Les gens affichent leur identité, leur soutien, leurs préférences...mais aucune expression ne me vient.
"Affichage de ses valeurs" pourrait éventuellement aller.
"M'as-tu-vu" est une expression très péjorative. Tartuffe est d'un registre très soutenu.


----------



## GEmatt

Merci, Pass_nad.

Dans ce cas, et dans l'attente, j'opterai pour la version plus ludique d'archijacq.

GEmatt


----------



## Carolesse

Que pensez-vous de pharisaïsme?


----------



## OLN

Très bien, pharisaïsme, même s'il ça peut inclure une notion de jugement d'autrui, en se plaçant un peu comme donneur de leçons moralisateur.
Et bienvenue aux forums de WR, Carolesse ! 

_M'as-tu-vu_ n'est à mon avis pas plus péjoratif que _virtue signalling_ (et pas argotique du tout), mais ça signifie vaniteux, fanfaron.

vertu ostentatoire ?
ostentation de ses vertus ?


----------



## Nicomon

À mon tour de te souhaiter la bienvenue aux forums, Carolesse 

À mon avis _pharisaïsme_ est bien, mais plus soutenu ou littéraire. Le registre de langue n'est pas le même.
Par ailleurs pharisaism (lien vers le dico) existe en anglais dans ce sens :


> observance of the external forms of religion without genuine belief; hypocrisy


À part les suggestions déjà données, il y aurait peut-être : _étalage / exhibition de vertus?_


> Il fait étalage de vertus qu'il n'a pas pour masquer les vices qu'il a.
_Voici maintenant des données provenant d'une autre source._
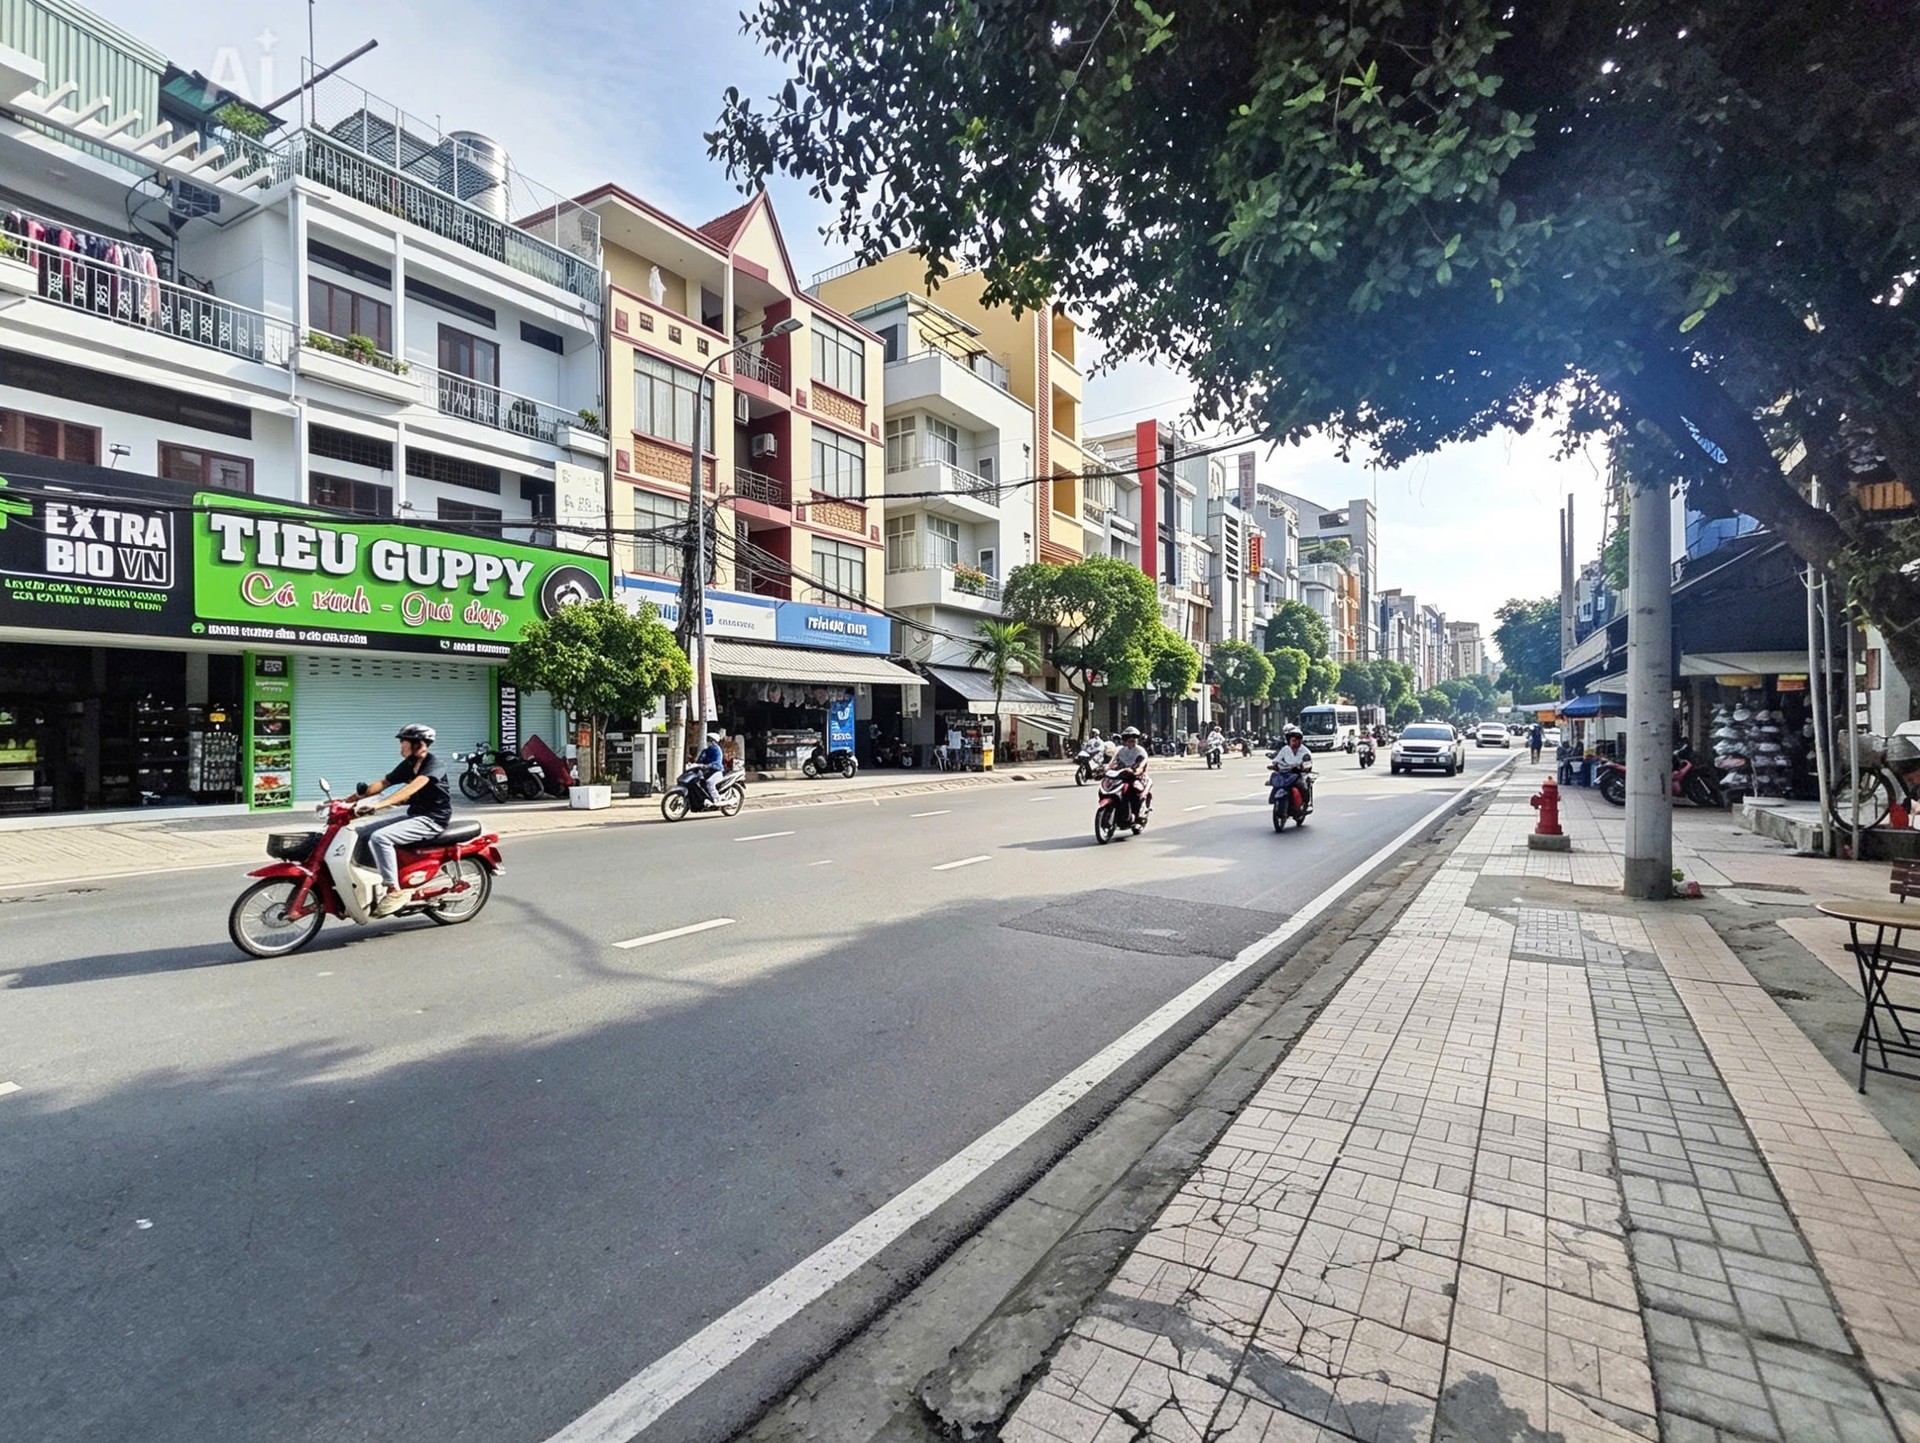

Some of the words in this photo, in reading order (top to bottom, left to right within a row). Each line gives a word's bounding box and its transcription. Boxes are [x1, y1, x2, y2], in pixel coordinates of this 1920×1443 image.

_ vertuositude ?  _Inspiré de _vertuosité _(archijacq) pour ajouter un sens _« attitude »
m'as-tu-vertu ?  _(celle-là n'est pas de moi)
_vertu-o-parade ? _


----------



## GEmatt

Merci encore pour ces suggestions d'une créativité hors pair 

_Pharisaïsme_ me plaît moins, non seulement parce que la connotation biblique saute trop aux oreilles (à mes oreilles de British, du moins), alors qu'il n'y a pas de telle connotation en anglais, mais en plus, le terme sous-entend de l'hypocrisie.

Celui qui s'adonne à du virtue-signalling, en règle générale, n'est pas hypocrite. Il n'a pas l'intention de faire croire qu'il est mieux alors qu'il ne l'est pas, mais il cherche plutôt à afficher qu'il est de bon caractère par le biais de remarques très pointées, de gestes publiques, etc. Les sentiments derrière ces gestes sont sincères, mais dépourvus de substance ou d'actions concrètes.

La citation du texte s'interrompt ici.